8.1 Introduction
This lecture explores character data handling, string operations, and the compilation/linking/loading process. We examine byte and half-word memory operations, implement string manipulation functions, use library functions like scanf and printf, and understand how programs transform from source code to executable binaries. These topics bridge high-level programming concepts and low-level assembly implementation, essential for systems programming and understanding program execution.
8.2 Character Data and Encoding
8.2.1 ASCII Encoding
Basic 7-Bit Standard
- Represents 128 characters using 7 bits (2⁷ = 128)
- 95 graphic symbols (printable): A-Z, a-z, 0-9, punctuation
- 33 control symbols: newline ('\\n'), tab ('\\t'), null ('\\0')
- Most basic and widely used encoding
ASCII Examples
'A' = 65 (0x41)
'a' = 97 (0x61)
'0' = 48 (0x30)
'\n' = 10 (0x0A)
'\0' = 0 (0x00) ; null terminator
8.2.2 Latin-1 Encoding
Extended 8-Bit Standard
- Supports 256 characters using 8 bits (2⁸ = 256)
- Includes all ASCII characters (first 128)
- Adds 96 additional graphic characters
- European language support (accented characters)
8.2.3 Unicode Encoding
Modern Universal Standard
- Uses 32-bit character set (2³² possible characters)
- Can represent most world alphabets and symbols
- Used in modern languages (Java, C++, Python 3)

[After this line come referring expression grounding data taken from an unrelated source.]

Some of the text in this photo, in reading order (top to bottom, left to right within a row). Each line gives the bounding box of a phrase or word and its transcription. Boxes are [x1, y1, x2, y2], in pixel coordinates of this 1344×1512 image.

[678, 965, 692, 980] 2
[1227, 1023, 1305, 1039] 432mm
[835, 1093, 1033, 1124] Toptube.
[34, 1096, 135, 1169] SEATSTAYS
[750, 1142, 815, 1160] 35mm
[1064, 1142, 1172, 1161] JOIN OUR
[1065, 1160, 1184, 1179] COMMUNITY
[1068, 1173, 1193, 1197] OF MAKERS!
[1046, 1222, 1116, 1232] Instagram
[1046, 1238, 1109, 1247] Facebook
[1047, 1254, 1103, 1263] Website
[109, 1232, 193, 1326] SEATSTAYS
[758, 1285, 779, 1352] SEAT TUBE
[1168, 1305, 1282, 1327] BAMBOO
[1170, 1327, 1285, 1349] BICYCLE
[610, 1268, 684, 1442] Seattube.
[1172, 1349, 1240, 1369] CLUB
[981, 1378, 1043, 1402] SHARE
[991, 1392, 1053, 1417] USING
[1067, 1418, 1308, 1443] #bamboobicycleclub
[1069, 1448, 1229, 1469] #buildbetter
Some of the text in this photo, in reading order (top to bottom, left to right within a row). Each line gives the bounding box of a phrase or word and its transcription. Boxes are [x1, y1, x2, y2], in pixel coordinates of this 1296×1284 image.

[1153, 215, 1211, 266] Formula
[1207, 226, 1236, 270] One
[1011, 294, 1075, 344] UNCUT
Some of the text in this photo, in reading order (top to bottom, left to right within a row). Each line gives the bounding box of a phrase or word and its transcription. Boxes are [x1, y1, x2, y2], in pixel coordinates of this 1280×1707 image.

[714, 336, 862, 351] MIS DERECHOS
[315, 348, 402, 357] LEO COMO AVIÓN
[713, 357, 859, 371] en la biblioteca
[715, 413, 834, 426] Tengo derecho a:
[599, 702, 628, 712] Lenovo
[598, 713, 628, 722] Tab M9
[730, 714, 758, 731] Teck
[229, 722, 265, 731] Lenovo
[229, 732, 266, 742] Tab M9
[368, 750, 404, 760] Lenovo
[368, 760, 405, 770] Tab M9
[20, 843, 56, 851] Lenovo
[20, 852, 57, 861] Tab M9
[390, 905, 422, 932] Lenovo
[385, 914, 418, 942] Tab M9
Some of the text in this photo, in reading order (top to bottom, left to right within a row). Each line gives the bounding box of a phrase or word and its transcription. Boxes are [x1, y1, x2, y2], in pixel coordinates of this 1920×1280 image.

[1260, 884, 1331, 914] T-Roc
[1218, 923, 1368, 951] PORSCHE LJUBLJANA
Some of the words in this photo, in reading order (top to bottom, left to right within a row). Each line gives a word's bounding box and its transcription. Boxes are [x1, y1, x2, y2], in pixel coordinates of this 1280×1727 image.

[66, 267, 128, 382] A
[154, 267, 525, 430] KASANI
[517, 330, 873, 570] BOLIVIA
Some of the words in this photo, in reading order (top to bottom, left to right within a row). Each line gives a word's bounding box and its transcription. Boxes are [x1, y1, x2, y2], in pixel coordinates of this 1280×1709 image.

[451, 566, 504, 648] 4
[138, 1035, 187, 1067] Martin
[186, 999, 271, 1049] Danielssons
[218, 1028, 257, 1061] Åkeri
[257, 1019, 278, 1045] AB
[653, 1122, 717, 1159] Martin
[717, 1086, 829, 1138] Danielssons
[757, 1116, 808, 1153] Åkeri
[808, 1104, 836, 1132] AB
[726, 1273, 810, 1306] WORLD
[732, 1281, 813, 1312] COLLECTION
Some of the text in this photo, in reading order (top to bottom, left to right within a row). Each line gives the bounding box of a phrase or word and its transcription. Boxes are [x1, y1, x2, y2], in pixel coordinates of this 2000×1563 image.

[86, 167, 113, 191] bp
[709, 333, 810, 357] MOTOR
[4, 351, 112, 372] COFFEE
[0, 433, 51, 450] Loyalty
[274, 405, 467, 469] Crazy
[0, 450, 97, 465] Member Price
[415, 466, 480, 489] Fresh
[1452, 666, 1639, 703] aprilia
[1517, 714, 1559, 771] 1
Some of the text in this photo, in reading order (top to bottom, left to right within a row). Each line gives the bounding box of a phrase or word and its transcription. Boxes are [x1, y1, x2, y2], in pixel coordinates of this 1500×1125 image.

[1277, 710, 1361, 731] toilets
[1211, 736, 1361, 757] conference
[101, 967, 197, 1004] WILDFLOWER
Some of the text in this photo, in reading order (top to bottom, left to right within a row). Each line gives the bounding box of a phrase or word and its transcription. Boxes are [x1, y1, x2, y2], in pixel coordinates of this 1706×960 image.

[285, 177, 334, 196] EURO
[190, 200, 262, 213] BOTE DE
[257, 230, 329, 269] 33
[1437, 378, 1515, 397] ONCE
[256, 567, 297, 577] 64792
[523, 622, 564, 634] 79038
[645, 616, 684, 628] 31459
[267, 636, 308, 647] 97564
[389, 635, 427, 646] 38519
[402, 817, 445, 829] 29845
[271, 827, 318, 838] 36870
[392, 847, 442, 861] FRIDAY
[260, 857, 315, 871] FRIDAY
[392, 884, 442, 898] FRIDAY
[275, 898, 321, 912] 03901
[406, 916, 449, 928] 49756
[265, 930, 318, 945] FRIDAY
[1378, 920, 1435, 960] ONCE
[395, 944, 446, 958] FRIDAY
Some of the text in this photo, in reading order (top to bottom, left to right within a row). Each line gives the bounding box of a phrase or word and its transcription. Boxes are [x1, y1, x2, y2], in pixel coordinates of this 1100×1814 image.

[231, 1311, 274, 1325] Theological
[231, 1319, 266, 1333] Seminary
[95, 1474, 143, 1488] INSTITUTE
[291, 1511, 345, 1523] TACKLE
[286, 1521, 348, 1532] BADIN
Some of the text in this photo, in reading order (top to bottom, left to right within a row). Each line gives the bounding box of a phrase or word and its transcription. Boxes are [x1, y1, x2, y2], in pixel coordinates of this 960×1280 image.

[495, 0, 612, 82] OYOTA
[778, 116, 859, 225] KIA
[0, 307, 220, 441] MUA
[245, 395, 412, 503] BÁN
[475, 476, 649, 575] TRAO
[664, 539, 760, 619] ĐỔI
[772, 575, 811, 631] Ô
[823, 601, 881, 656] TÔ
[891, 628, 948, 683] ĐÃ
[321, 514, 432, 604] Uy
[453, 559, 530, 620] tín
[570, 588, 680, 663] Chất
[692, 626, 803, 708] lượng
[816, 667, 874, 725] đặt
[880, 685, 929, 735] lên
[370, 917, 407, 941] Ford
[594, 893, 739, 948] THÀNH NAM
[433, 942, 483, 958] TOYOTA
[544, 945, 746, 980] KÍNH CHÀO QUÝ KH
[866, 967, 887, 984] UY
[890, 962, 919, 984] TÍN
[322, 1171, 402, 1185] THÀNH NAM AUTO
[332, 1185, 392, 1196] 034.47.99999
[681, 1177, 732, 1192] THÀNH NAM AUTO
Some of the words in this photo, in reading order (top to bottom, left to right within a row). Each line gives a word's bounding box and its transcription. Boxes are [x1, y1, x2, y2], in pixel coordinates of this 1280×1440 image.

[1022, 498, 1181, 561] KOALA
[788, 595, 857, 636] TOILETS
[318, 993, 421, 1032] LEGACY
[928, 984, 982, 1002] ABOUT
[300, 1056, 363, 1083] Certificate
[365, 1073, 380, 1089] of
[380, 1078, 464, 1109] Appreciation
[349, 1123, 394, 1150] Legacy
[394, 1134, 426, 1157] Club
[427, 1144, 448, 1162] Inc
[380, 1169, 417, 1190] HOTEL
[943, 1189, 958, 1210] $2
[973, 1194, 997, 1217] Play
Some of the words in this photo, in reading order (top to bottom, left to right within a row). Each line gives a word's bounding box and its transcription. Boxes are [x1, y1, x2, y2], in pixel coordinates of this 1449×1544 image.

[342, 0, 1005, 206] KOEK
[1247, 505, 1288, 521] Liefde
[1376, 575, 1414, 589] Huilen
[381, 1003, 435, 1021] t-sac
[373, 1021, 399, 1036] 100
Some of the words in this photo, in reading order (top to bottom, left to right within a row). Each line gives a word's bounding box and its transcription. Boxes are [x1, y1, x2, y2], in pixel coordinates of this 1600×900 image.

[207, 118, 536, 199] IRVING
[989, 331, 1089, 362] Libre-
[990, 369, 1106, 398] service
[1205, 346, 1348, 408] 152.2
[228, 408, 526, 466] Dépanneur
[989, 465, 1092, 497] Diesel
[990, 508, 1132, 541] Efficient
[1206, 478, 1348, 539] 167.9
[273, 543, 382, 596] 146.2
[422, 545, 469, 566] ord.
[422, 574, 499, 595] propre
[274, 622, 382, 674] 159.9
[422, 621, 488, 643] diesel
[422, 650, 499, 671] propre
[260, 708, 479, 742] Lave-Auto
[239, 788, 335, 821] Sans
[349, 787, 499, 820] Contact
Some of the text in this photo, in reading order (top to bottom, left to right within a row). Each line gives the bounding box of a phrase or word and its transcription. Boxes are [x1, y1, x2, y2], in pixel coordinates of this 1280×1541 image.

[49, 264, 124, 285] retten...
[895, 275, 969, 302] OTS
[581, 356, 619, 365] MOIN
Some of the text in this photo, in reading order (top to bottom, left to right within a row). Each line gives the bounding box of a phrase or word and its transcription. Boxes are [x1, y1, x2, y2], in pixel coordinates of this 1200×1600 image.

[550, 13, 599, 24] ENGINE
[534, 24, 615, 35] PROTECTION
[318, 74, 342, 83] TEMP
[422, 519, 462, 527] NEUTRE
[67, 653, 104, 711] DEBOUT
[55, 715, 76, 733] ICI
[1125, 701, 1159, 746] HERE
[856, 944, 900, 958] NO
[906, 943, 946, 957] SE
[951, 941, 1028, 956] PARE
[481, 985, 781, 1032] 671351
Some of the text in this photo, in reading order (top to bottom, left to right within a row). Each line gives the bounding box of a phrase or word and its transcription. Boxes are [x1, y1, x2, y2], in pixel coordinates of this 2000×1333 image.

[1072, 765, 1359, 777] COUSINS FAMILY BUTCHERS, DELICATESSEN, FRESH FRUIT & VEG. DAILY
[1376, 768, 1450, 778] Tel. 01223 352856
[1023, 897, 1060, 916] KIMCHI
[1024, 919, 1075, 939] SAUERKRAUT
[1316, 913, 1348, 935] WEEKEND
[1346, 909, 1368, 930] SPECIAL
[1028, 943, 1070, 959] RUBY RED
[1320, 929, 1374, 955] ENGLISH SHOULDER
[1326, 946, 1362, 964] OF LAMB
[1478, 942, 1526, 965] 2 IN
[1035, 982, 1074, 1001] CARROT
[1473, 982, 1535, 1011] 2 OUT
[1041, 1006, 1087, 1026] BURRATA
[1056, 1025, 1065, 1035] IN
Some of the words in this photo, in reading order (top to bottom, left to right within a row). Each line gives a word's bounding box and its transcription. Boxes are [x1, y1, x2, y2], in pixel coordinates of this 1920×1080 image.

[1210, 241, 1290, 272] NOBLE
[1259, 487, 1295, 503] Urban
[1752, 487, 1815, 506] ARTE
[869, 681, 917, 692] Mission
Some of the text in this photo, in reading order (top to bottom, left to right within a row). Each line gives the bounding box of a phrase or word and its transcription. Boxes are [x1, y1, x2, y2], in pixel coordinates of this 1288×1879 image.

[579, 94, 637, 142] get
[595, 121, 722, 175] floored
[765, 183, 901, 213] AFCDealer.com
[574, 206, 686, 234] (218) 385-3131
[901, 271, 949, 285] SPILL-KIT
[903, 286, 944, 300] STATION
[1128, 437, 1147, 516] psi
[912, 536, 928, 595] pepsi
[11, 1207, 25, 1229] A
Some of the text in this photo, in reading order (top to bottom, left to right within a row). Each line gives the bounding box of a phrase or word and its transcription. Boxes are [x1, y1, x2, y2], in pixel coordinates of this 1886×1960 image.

- Variable-length encodings: UTF-8, UTF-16
- UTF-8: 1-4 bytes per character (backward compatible with ASCII)
Why Unicode?
- Global language support
- Emoji and special symbols
- Mathematical and technical symbols
- Historical scripts and languages
8.3 Byte Load/Store Operations
8.3.1 Load Register Byte (LDRB)
Syntax
LDRB Rd, [Rn, #offset] ; Load byte from memory
Operation
- Reads 8 bits (1 byte) from memory
- Fills upper 24 bits of register with zeros (zero-extension)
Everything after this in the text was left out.